> **Listed entries**
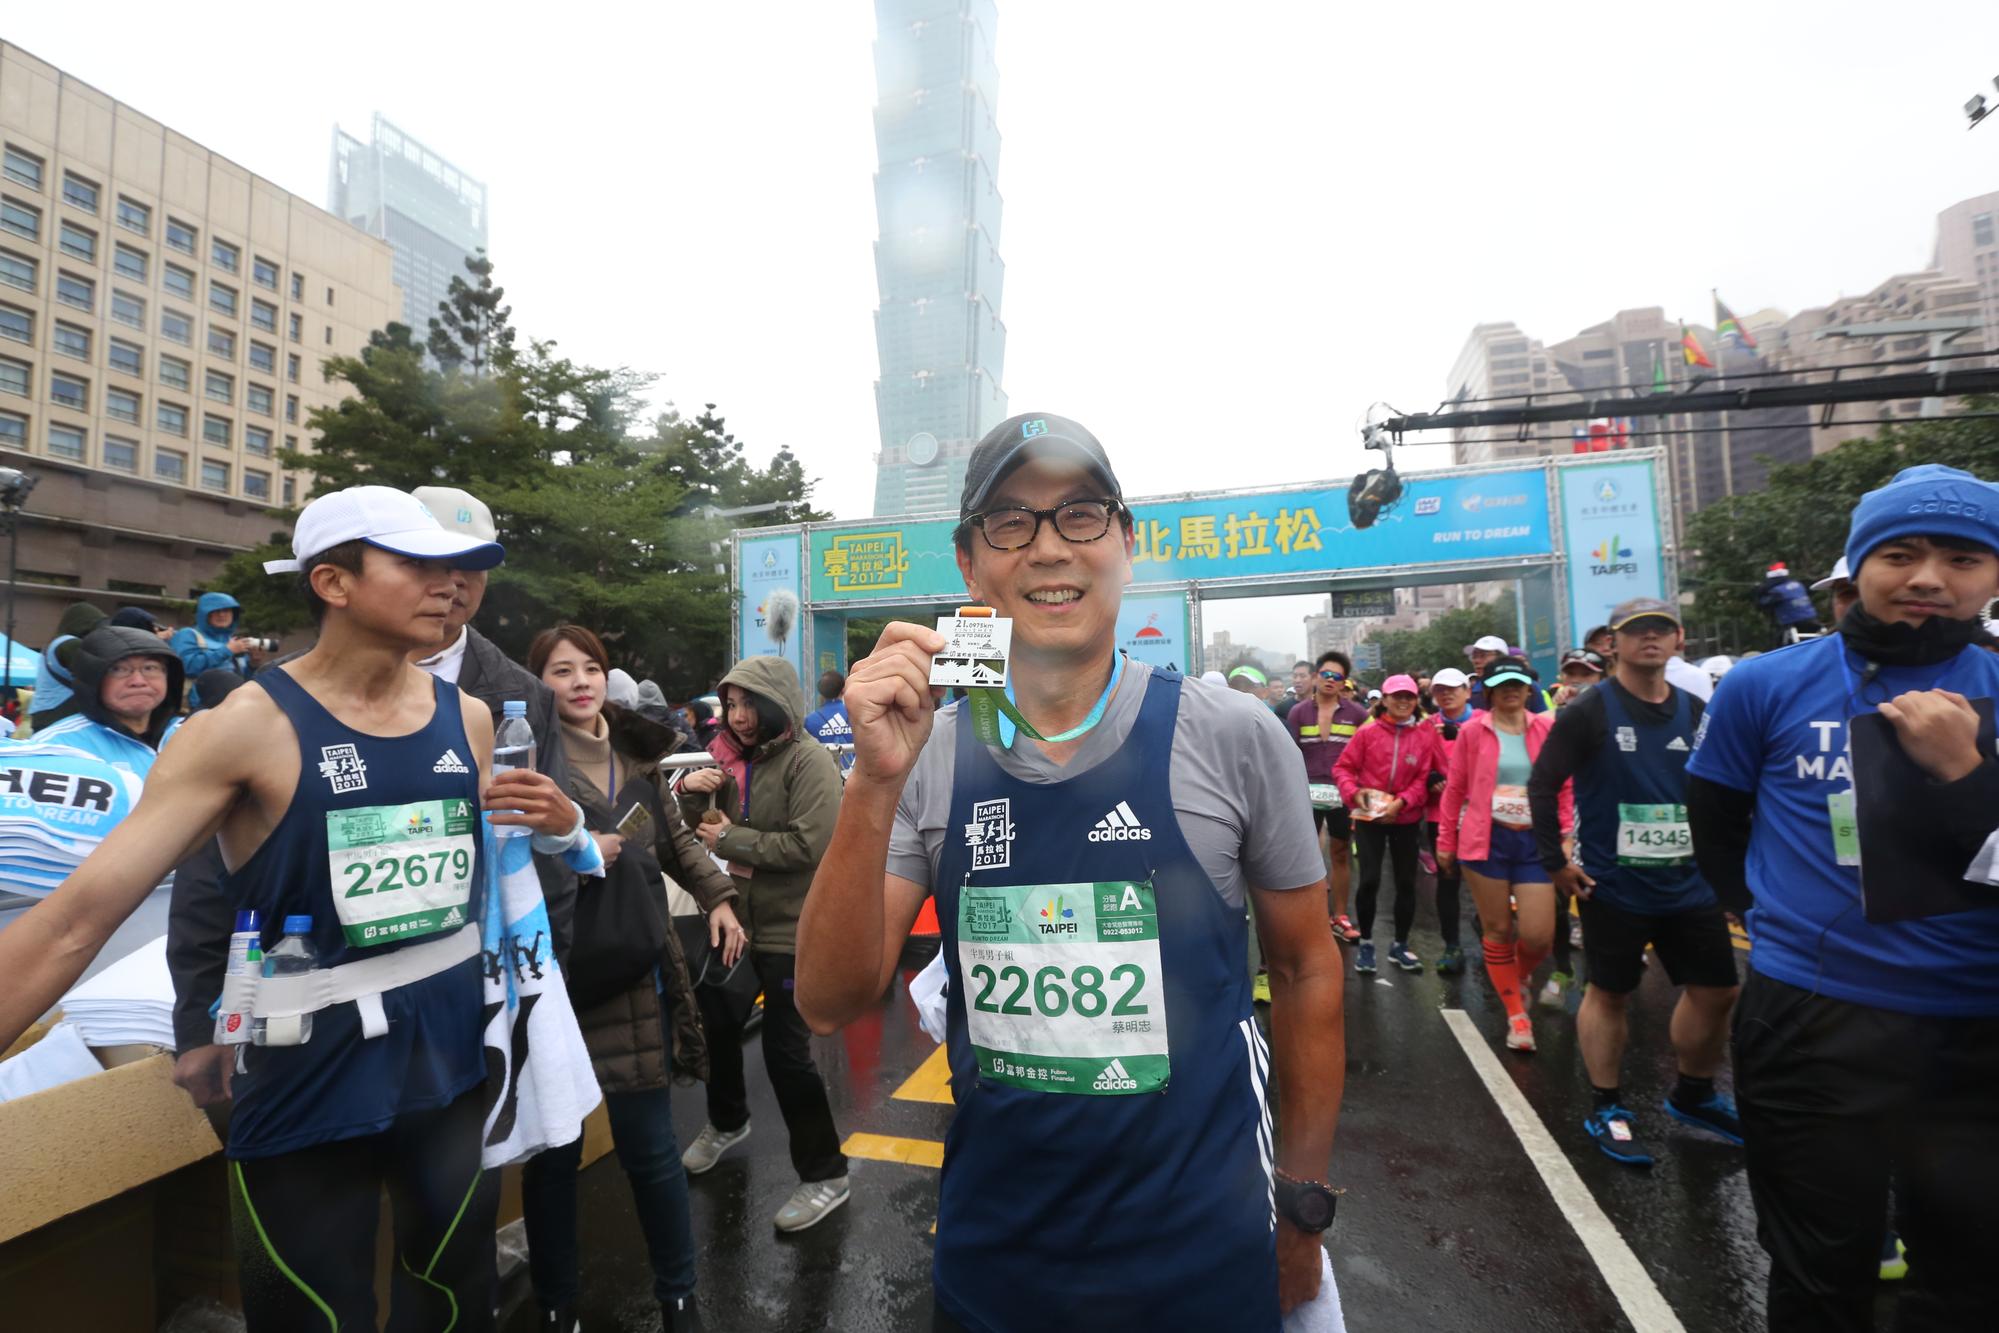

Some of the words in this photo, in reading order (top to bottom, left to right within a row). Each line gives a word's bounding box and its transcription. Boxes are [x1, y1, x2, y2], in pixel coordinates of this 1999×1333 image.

[1132, 508, 1323, 564] 北馬拉松
[1433, 530, 1461, 543] RUN
[1465, 529, 1482, 541] TO
[1484, 525, 1531, 539] DREAM
[850, 542, 885, 553] TAIPEI
[1590, 563, 1638, 576] TAIPEI
[850, 571, 884, 585] 2017
[327, 747, 353, 757] TAIPEI
[433, 764, 469, 774] adidas
[336, 780, 362, 791] 2017
[457, 801, 468, 817] A
[978, 805, 1005, 817] TAIPEI
[407, 826, 433, 835] TAIPEI
[1088, 826, 1151, 842] adidas
[1625, 829, 1690, 846] 14345
[976, 853, 1005, 865] 2017
[344, 848, 469, 899] 22679
[1119, 885, 1143, 911] A
[977, 922, 997, 930] 2017
[1038, 922, 1078, 935] TAIPEI
[971, 963, 1149, 1018] 22682
[1112, 1020, 1151, 1034] 蔡明忠
[1006, 1064, 1048, 1081] 富邦金控
[1093, 1078, 1138, 1090] adidas
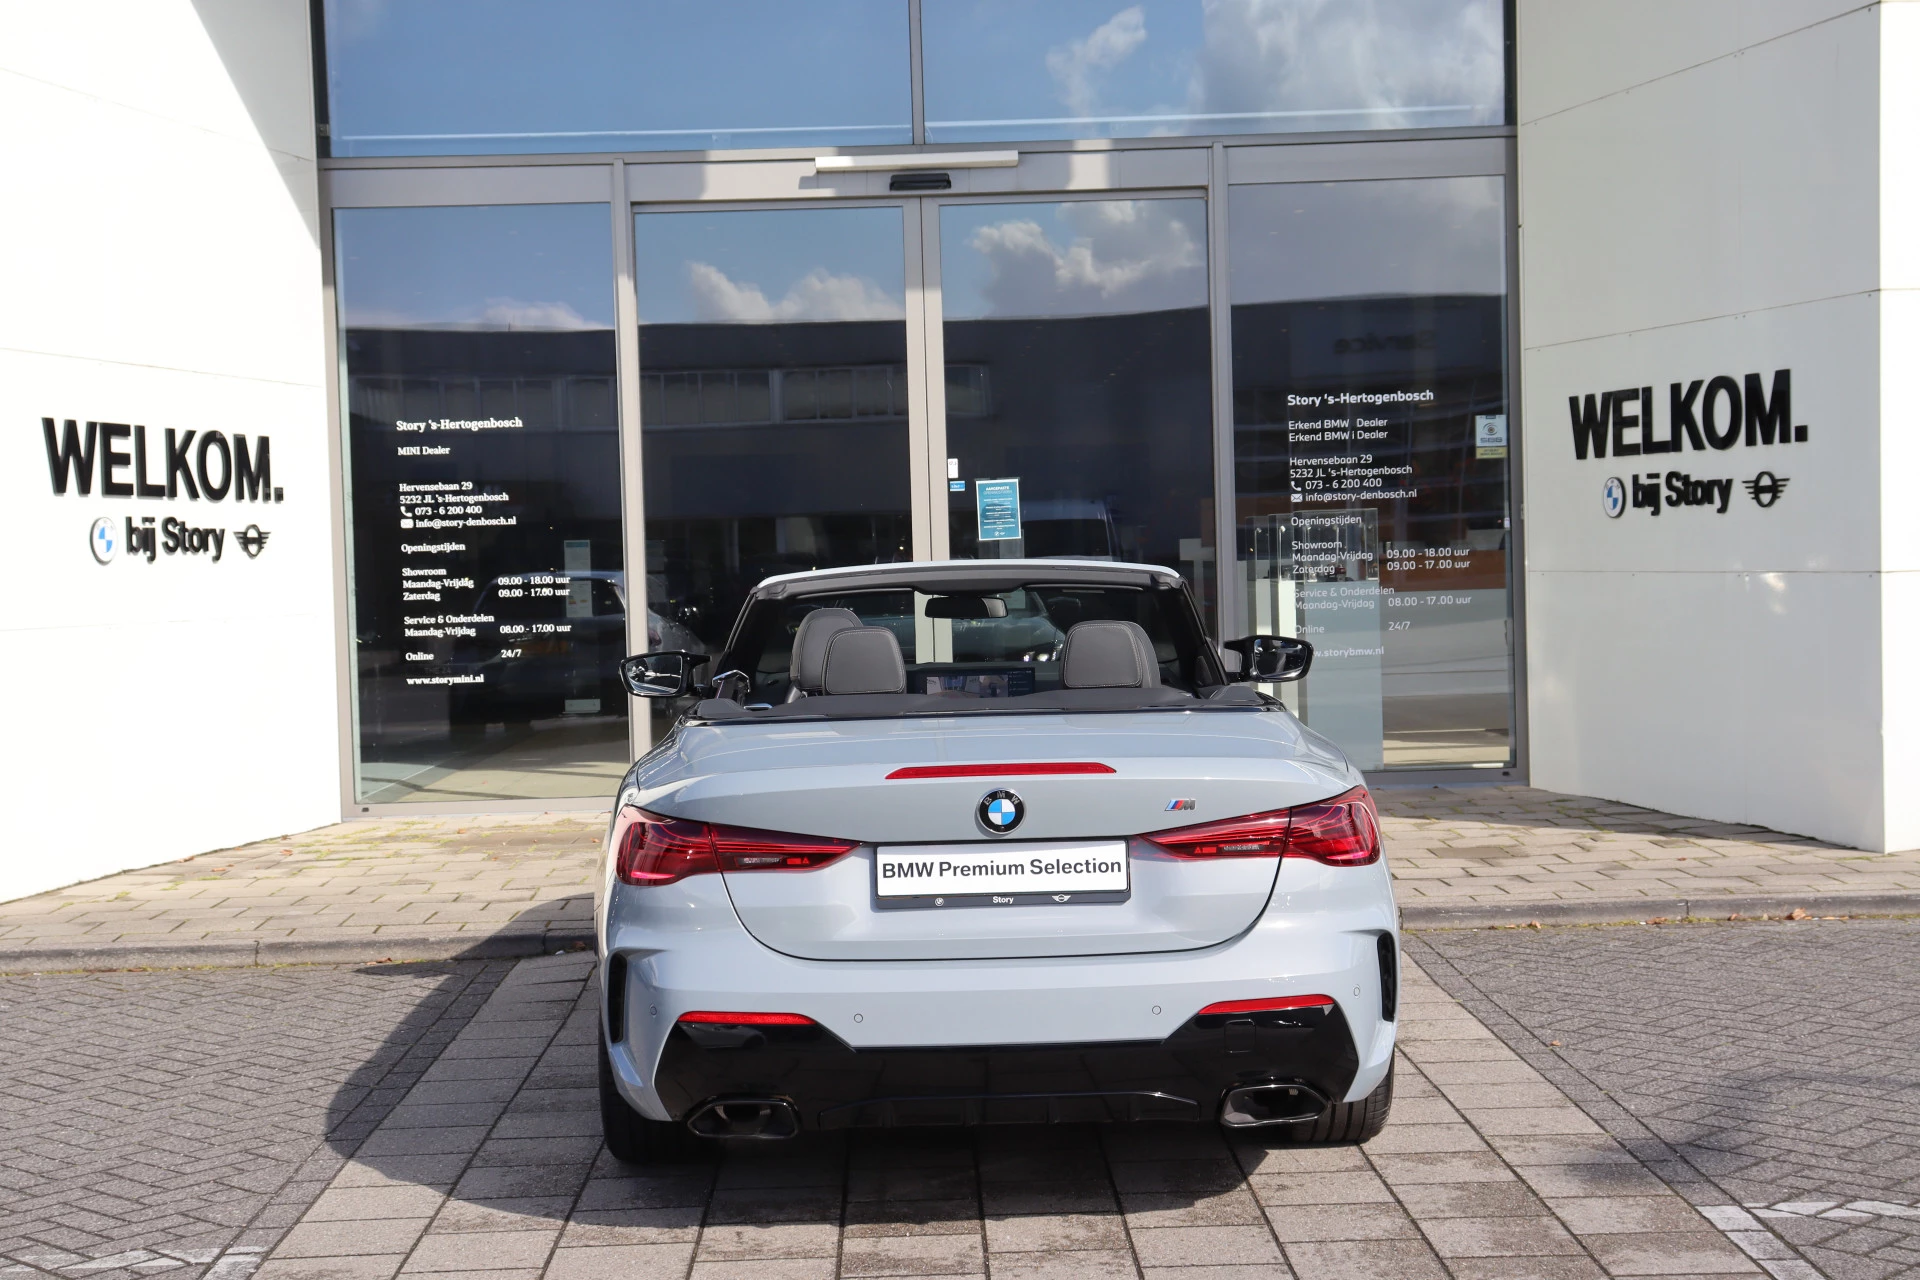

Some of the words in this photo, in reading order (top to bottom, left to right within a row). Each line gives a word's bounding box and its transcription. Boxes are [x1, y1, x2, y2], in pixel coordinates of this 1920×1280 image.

[1287, 394, 1321, 407] Story
[1324, 390, 1434, 405] 's-Hertogenbosch
[1568, 368, 1808, 460] WELKOM.
[396, 420, 426, 433] Story
[428, 417, 523, 431] 's-Hertogenbosch
[1288, 420, 1321, 430] Erkend
[1324, 419, 1349, 429] BMW
[1356, 418, 1388, 428] Dealer
[1289, 432, 1322, 442] Erkend
[1324, 431, 1350, 441] BMW
[1352, 431, 1355, 440] i
[1357, 430, 1388, 440] Dealer
[397, 446, 420, 456] MINI
[422, 445, 450, 455] Dealer
[41, 417, 284, 503] WELKOM.
[1289, 456, 1358, 467] Hervensebaan
[1360, 454, 1373, 464] 29
[1290, 468, 1314, 479] 5232
[1315, 468, 1326, 478] JL
[1328, 465, 1412, 478] 's-Hertogenbosch
[399, 481, 460, 492] Hervensebaan
[461, 481, 473, 491] 29
[1305, 480, 1323, 490] 073
[1332, 479, 1339, 489] 6
[1340, 479, 1360, 489] 200
[1362, 478, 1382, 488] 400
[400, 495, 422, 504] 5232
[423, 494, 434, 504] JL
[436, 492, 509, 505] 's-Hertogenbosch
[1305, 489, 1417, 503] info@story-denbosch.nl
[1632, 472, 1660, 516] bij
[1665, 471, 1733, 514] Story
[415, 506, 432, 516] 073
[439, 506, 446, 515] 6
[447, 506, 464, 515] 200
[465, 505, 482, 515] 400
[415, 516, 517, 530] info@story-denbosch.nl
[1291, 515, 1362, 528] Openingstijden
[125, 516, 156, 564] bij
[161, 516, 225, 564] Story
[1291, 540, 1342, 550] Showroom
[401, 542, 466, 554] Openingstijden
[1292, 551, 1373, 563] Maandag-Vrijdag
[1386, 549, 1415, 559] 09.00
[1425, 547, 1452, 557] 18.00
[1454, 548, 1470, 556] uur
[402, 567, 447, 577] Showroom
[1292, 564, 1335, 575] Zaterdag
[1387, 561, 1416, 571] 09.00
[1455, 560, 1470, 568] uur
[403, 578, 474, 589] Maandag-Vrijdag
[498, 577, 523, 586] 09.00
[530, 576, 553, 585] 18.00
[555, 576, 570, 584] uur
[403, 591, 441, 602] Zaterdag
[498, 589, 523, 598] 09.00
[530, 588, 553, 597] 17.00
[555, 588, 570, 596] uur
[1294, 588, 1328, 598] Service
[1330, 587, 1338, 597] &
[1340, 586, 1394, 597] Onderdelen
[1295, 600, 1375, 612] Maandag-Vrijdag
[1388, 597, 1418, 607] 08.00
[1455, 596, 1472, 605] uur
[404, 616, 436, 625] Service
[437, 615, 444, 624] &
[446, 614, 494, 624] Onderdelen
[404, 627, 476, 638] Maandag-Vrijdag
[500, 625, 524, 634] 08.00
[532, 624, 555, 633] 17.00
[556, 624, 572, 632] uur
[1295, 624, 1325, 634] Online
[1388, 621, 1411, 631] 24/7
[405, 651, 434, 661] Online
[501, 649, 522, 658] 24/7
[1314, 646, 1384, 658] w.storybmw.nl
[406, 674, 484, 685] www.storymini.nl
[983, 791, 1020, 805] BMW
[882, 861, 934, 879] BMW
[939, 859, 1025, 877] Premium
[1029, 857, 1121, 875] Selection
[992, 895, 1014, 904] Story

> **The problem**
With the string "Maandag" as the key, filter the data above and show the lines that match.

> **Written solution**
[1292, 551, 1373, 563] Maandag-Vrijdag
[403, 578, 474, 589] Maandag-Vrijdag
[1295, 600, 1375, 612] Maandag-Vrijdag
[404, 627, 476, 638] Maandag-Vrijdag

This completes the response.